Microsoft built its own AI chip

One pair of sunglasses crashed a stock. Zoom made a $51M bet.

 

Good morning.

It’s Tuesday, January 26. Somehow it's still January.

On this day, Wolfgang Amadeus Mozart was born (1756–1791). Composer of The Magic Flute and The Marriage of Figaro. One of the most influential figures in classical music. Wrote symphonies as a child. Casual.

Meanwhile, half the country spent the weekend buried under a snowstorm. Roads iced. Plans canceled. Nature said “stay inside” and honestly, fair. Hope everyone stayed warm, horizontal, and not pretending they enjoy shoveling snow.

Bundle up. Keep the heat on.

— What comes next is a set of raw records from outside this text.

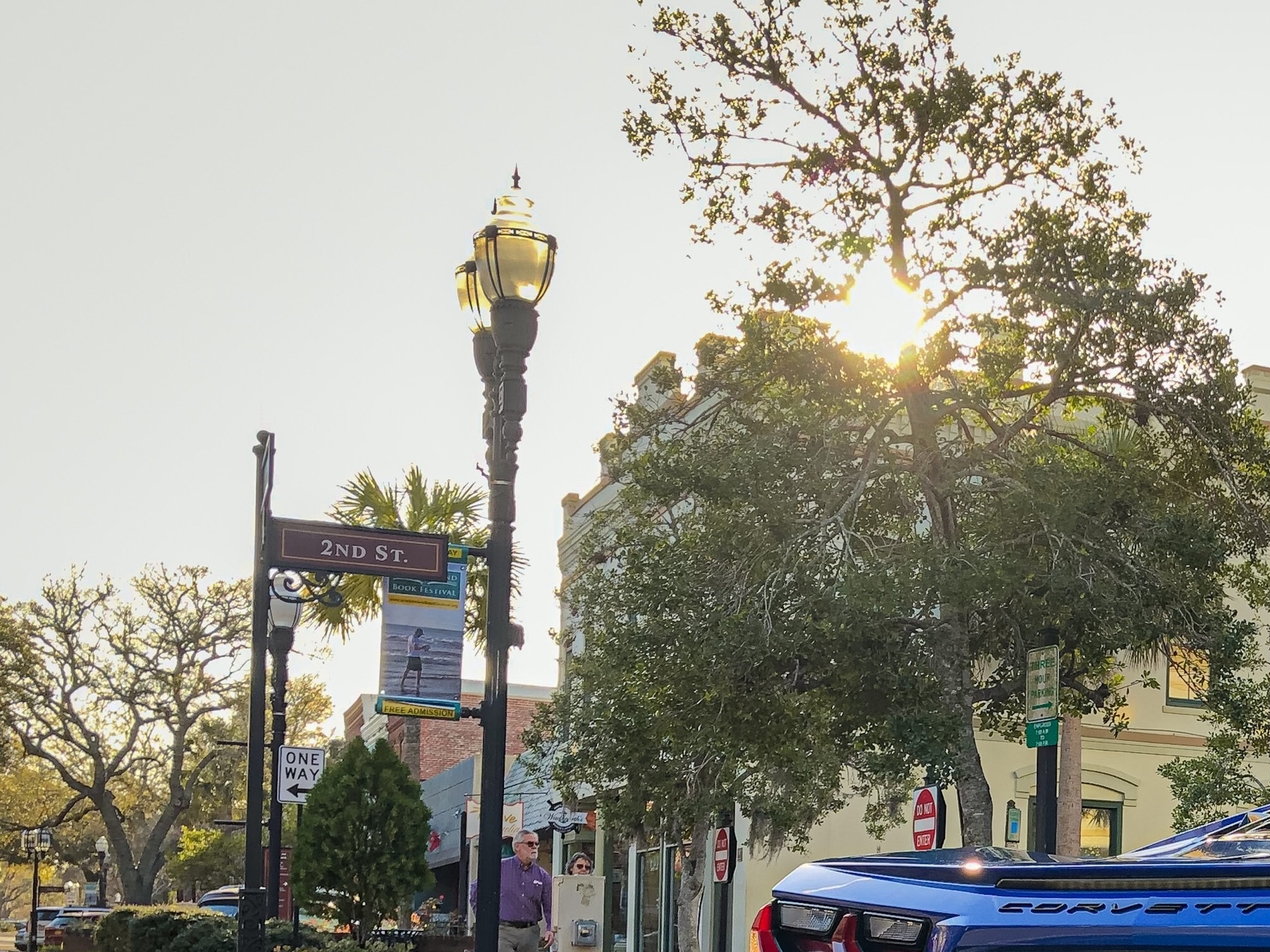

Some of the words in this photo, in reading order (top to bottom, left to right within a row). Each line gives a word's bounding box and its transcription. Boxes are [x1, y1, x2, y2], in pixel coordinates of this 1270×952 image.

[321, 539, 366, 559] 2ND
[392, 583, 417, 592] BOOK
[419, 585, 456, 597] FESTIVAL
[384, 705, 406, 714] FREE
[407, 707, 454, 717] ADMISSION
[286, 751, 320, 766] ONE
[285, 766, 320, 781] WAY
[916, 803, 923, 817] DO
[923, 802, 933, 815] NOT
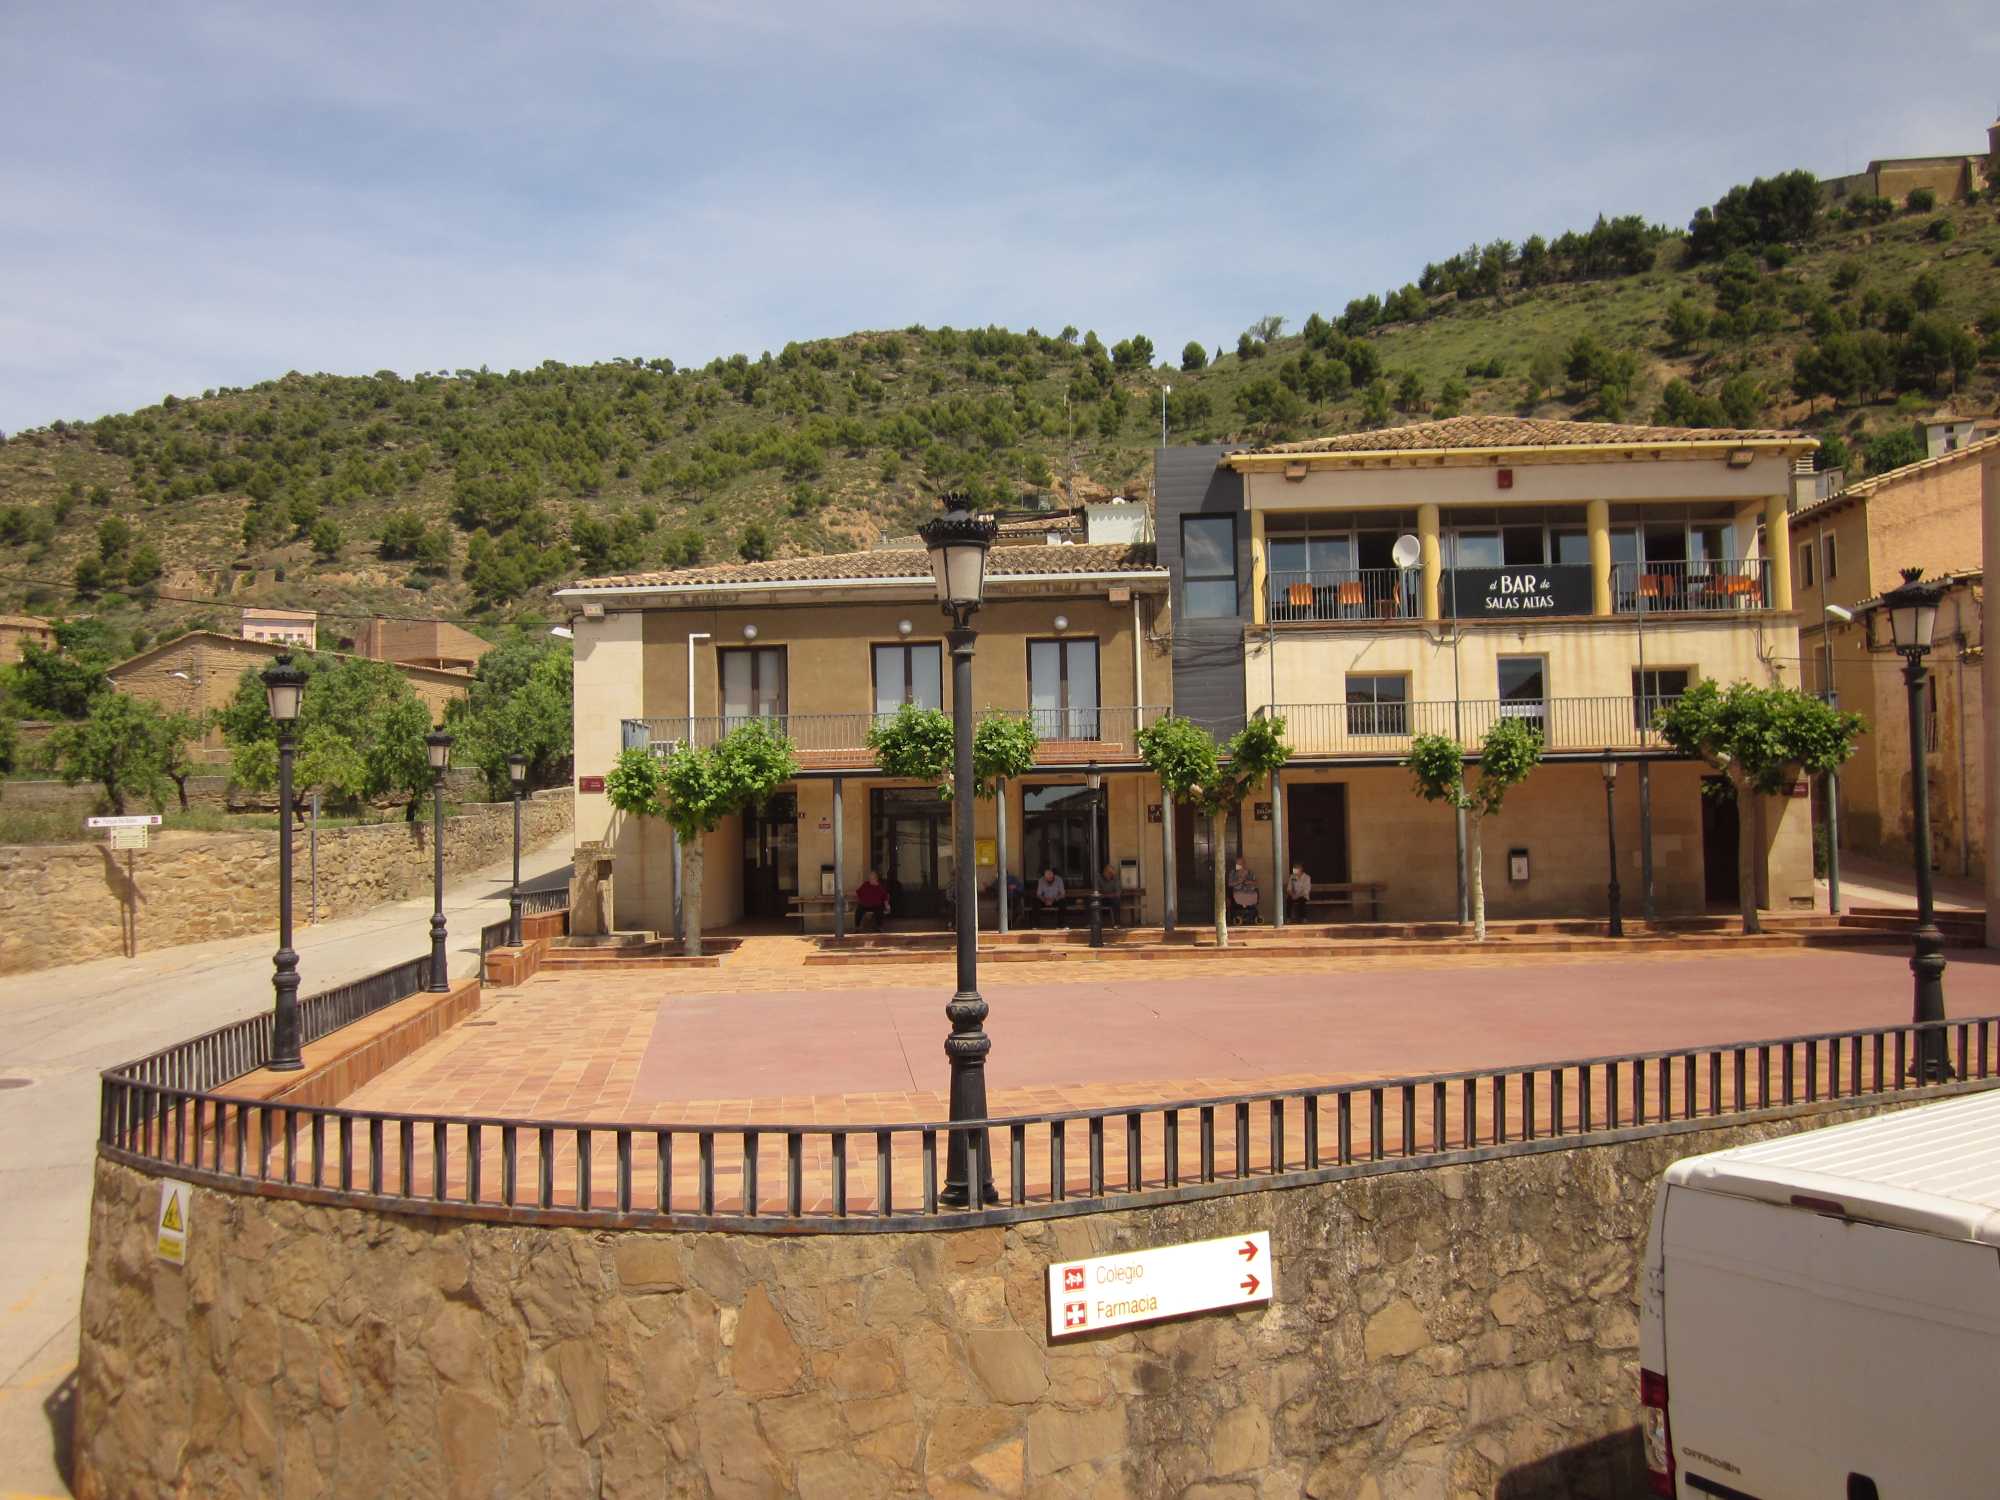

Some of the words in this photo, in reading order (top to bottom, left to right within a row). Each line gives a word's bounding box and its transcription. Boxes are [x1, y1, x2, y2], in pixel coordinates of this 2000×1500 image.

[1501, 574, 1536, 594] BAR
[1540, 578, 1550, 589] de
[1486, 596, 1520, 609] SALAS
[1523, 595, 1554, 608] ALTAS
[1096, 1262, 1144, 1285] Colegio
[1097, 1294, 1158, 1320] Farmacia

Let’s get into it.

Today’s stories:

  • Alex Honnold free-climbs skyscraper, gravity applauds

  • Apple’s AirTag just got aggressively helpful

  • Social media faces its tobacco moment

  • Gold screams distrust in global money

  • One pair of shades moved markets

  • Microsoft builds chip, eyes Nvidia

  • SpaceX IPO hype goes nuclear

  • Zoom’s $51M bet turns billions

  • A cow just used a tool

    and more…

Stock market

Crypto

Stocks kicked off the week higher as traders juggled politics, earnings anxiety, and a looming Fed decision — because one catalyst is never enough.

The S&P 500 rose 0.5% to close at 6,950.23. The Dow added 314 points, up 0.64%, to finish at 49,412.40. The Nasdaq gained 0.43%, ending at 23,601.36.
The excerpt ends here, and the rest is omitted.